> _Data_:
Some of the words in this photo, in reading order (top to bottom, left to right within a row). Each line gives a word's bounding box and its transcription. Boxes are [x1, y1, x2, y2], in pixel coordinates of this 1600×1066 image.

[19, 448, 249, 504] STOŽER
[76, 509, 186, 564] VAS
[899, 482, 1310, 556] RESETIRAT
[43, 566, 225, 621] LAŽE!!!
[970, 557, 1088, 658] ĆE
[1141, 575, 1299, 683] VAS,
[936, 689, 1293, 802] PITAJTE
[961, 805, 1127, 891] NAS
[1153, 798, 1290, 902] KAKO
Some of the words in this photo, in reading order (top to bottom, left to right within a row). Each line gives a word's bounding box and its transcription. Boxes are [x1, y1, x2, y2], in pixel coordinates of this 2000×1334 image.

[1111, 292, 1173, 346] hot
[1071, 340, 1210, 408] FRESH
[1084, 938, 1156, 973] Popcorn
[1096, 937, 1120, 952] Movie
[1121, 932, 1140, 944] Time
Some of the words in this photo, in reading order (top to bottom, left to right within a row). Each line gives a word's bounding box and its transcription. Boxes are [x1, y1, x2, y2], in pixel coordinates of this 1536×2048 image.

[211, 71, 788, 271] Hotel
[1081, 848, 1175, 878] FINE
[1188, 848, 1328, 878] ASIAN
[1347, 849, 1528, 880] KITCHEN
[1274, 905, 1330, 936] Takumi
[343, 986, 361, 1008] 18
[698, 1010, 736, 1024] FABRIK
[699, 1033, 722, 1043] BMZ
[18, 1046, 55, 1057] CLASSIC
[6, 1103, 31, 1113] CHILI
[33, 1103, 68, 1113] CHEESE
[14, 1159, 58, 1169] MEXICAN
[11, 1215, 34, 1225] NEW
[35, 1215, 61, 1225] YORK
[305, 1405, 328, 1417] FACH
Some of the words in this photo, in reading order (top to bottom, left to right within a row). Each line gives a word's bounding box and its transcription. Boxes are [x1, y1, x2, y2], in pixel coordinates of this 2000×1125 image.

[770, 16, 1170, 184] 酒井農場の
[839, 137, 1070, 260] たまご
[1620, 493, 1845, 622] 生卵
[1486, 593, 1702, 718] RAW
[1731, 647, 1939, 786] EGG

> _Problem to solve_: Please restate the data word for word, every record included.

> _Answer for this exercise_:
Some of the words in this photo, in reading order (top to bottom, left to right within a row). Each line gives a word's bounding box and its transcription. Boxes are [x1, y1, x2, y2], in pixel coordinates of this 1600×1066 image.

[19, 448, 249, 504] STOŽER
[76, 509, 186, 564] VAS
[899, 482, 1310, 556] RESETIRAT
[43, 566, 225, 621] LAŽE!!!
[970, 557, 1088, 658] ĆE
[1141, 575, 1299, 683] VAS,
[936, 689, 1293, 802] PITAJTE
[961, 805, 1127, 891] NAS
[1153, 798, 1290, 902] KAKO
Some of the words in this photo, in reading order (top to bottom, left to right within a row). Each line gives a word's bounding box and its transcription. Boxes are [x1, y1, x2, y2], in pixel coordinates of this 2000×1334 image.

[1111, 292, 1173, 346] hot
[1071, 340, 1210, 408] FRESH
[1084, 938, 1156, 973] Popcorn
[1096, 937, 1120, 952] Movie
[1121, 932, 1140, 944] Time
Some of the words in this photo, in reading order (top to bottom, left to right within a row). Each line gives a word's bounding box and its transcription. Boxes are [x1, y1, x2, y2], in pixel coordinates of this 1536×2048 image.

[211, 71, 788, 271] Hotel
[1081, 848, 1175, 878] FINE
[1188, 848, 1328, 878] ASIAN
[1347, 849, 1528, 880] KITCHEN
[1274, 905, 1330, 936] Takumi
[343, 986, 361, 1008] 18
[698, 1010, 736, 1024] FABRIK
[699, 1033, 722, 1043] BMZ
[18, 1046, 55, 1057] CLASSIC
[6, 1103, 31, 1113] CHILI
[33, 1103, 68, 1113] CHEESE
[14, 1159, 58, 1169] MEXICAN
[11, 1215, 34, 1225] NEW
[35, 1215, 61, 1225] YORK
[305, 1405, 328, 1417] FACH
Some of the words in this photo, in reading order (top to bottom, left to right within a row). Each line gives a word's bounding box and its transcription. Boxes are [x1, y1, x2, y2], in pixel coordinates of this 2000×1125 image.

[770, 16, 1170, 184] 酒井農場の
[839, 137, 1070, 260] たまご
[1620, 493, 1845, 622] 生卵
[1486, 593, 1702, 718] RAW
[1731, 647, 1939, 786] EGG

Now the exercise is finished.